:: Brief ::
If a record below holds a picture, drop the picture and copy everything else exactly.
=== Supplied material ===
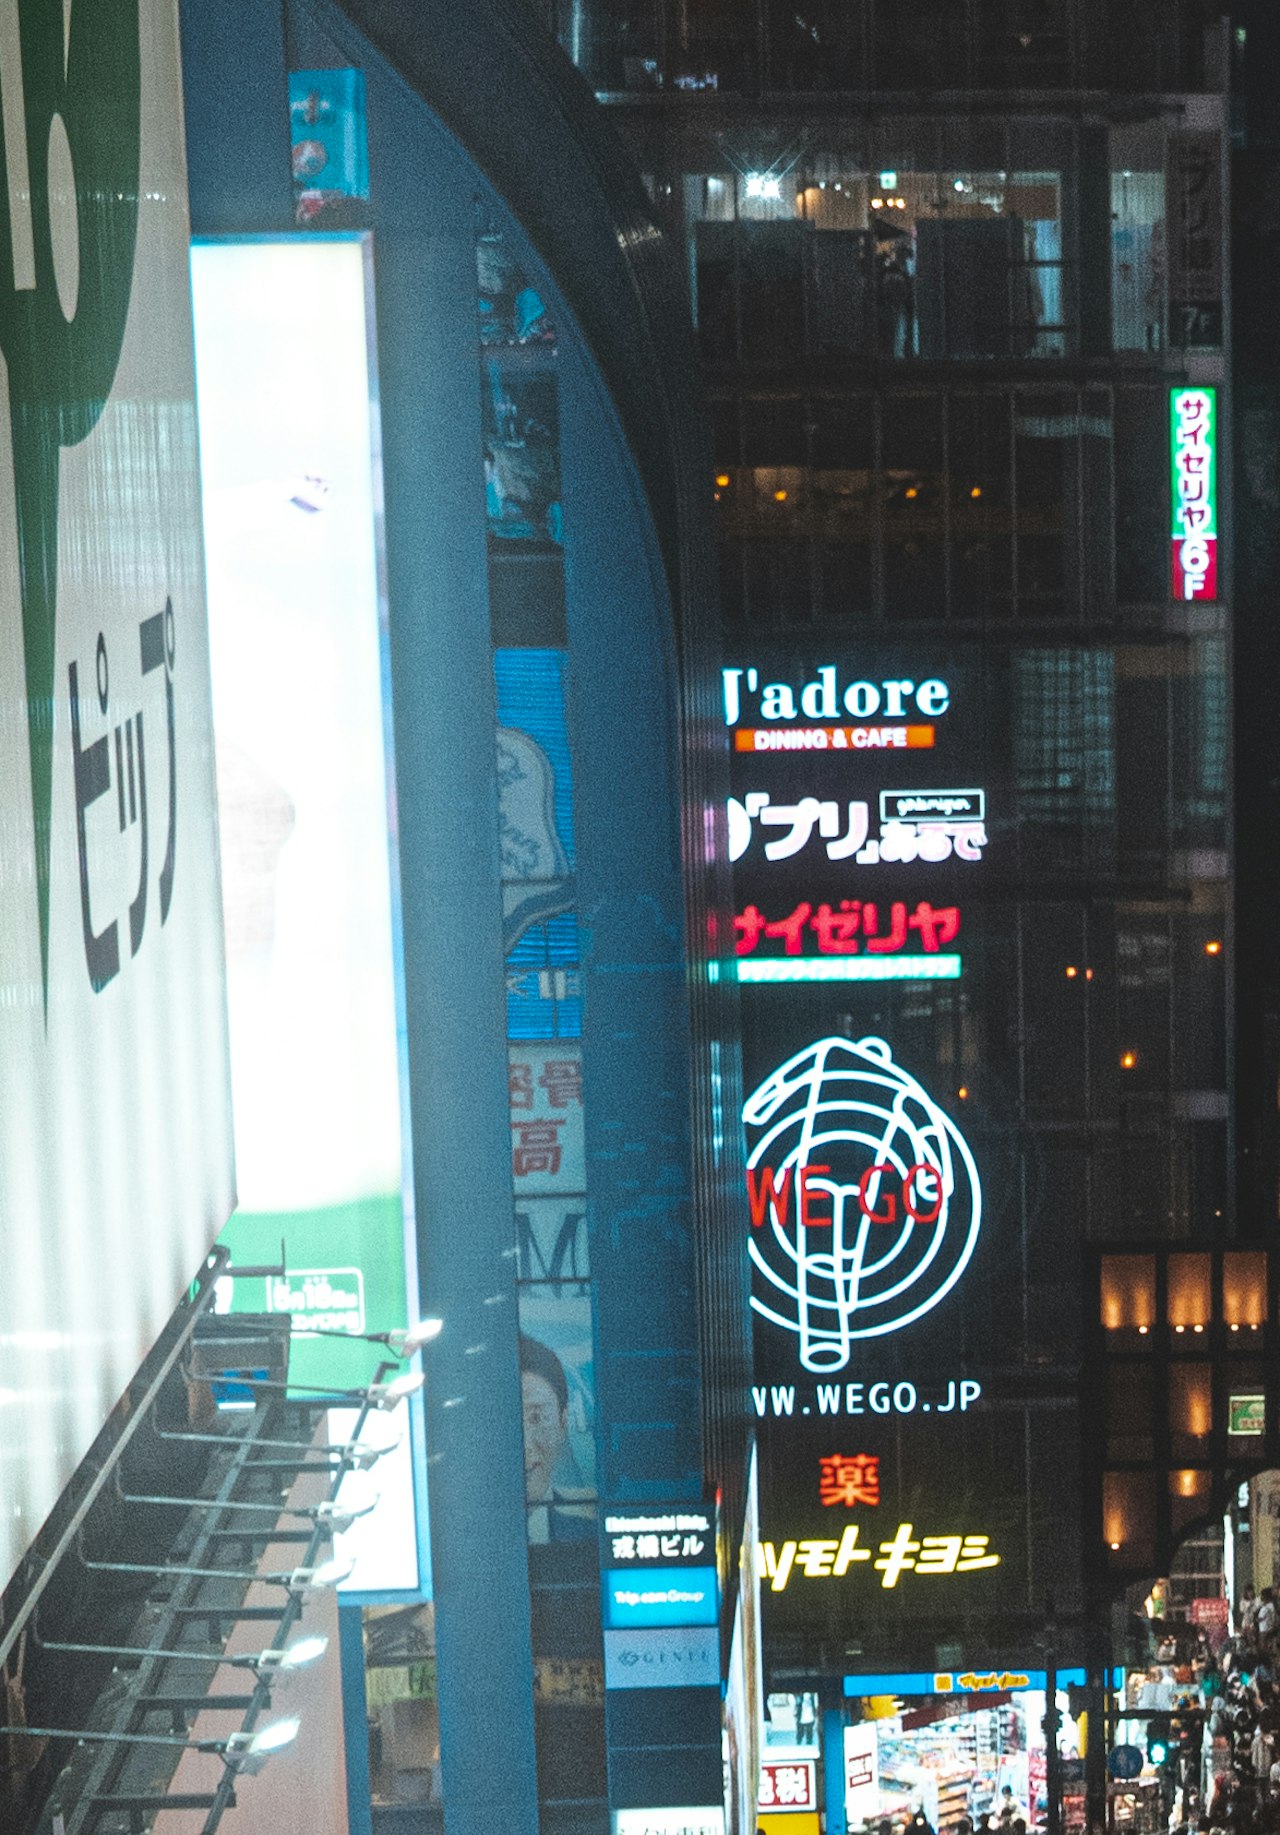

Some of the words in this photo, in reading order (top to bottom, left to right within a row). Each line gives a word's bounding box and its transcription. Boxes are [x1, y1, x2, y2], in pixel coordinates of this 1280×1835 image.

[1179, 537, 1210, 600] 6F
[722, 665, 950, 726] J'adore
[754, 728, 829, 751] DINING
[831, 727, 849, 749] &
[851, 726, 907, 748] CAFE
[68, 595, 177, 993] ピップ
[818, 1453, 880, 1506] 薬
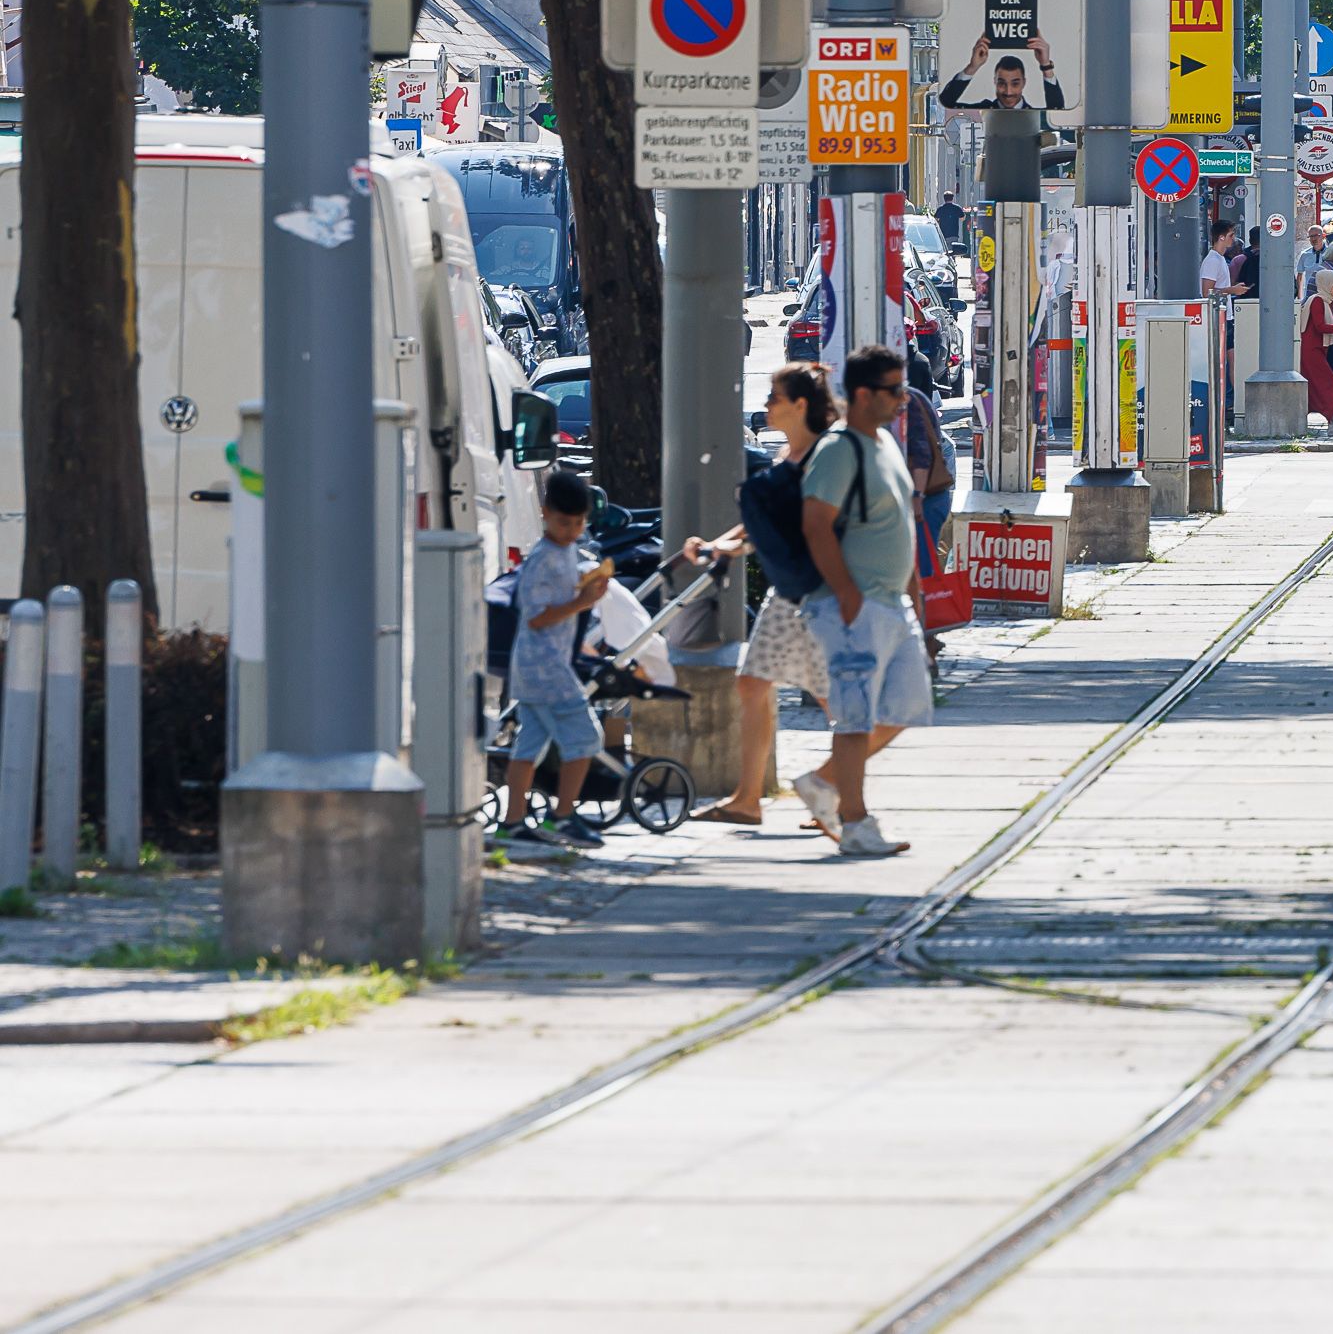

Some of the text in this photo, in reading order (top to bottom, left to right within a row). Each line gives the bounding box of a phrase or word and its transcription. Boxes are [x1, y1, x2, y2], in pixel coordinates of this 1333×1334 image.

[989, 9, 1032, 20] RICHTIGE
[992, 23, 1029, 38] WEG
[821, 41, 869, 58] ORF
[398, 80, 427, 98] Stiegl
[642, 70, 751, 92] Kurzparkzone
[817, 72, 899, 102] Radio
[818, 104, 895, 134] Wien
[392, 137, 415, 151] Taxi
[1199, 158, 1235, 166] Schwechat
[1155, 192, 1180, 202] ENDE
[969, 530, 1050, 562] Kronen
[969, 560, 1050, 595] Zeitung
===
:: Answer for the task ::
Some of the words in this photo, in reading order (top to bottom, left to right within a row). Each line gives a word's bounding box and its transcription. Boxes are [x1, y1, x2, y2], in pixel coordinates of this 1280×1835 image.

[1179, 537, 1210, 600] 6F
[722, 665, 950, 726] J'adore
[754, 728, 829, 751] DINING
[831, 727, 849, 749] &
[851, 726, 907, 748] CAFE
[68, 595, 177, 993] ピップ
[818, 1453, 880, 1506] 薬

Some of the text in this photo, in reading order (top to bottom, left to right within a row). Each line gives the bounding box of a phrase or word and its transcription. Boxes are [x1, y1, x2, y2], in pixel coordinates of this 1333×1334 image.

[989, 9, 1032, 20] RICHTIGE
[992, 23, 1029, 38] WEG
[821, 41, 869, 58] ORF
[398, 80, 427, 98] Stiegl
[642, 70, 751, 92] Kurzparkzone
[817, 72, 899, 102] Radio
[818, 104, 895, 134] Wien
[392, 137, 415, 151] Taxi
[1199, 158, 1235, 166] Schwechat
[1155, 192, 1180, 202] ENDE
[969, 530, 1050, 562] Kronen
[969, 560, 1050, 595] Zeitung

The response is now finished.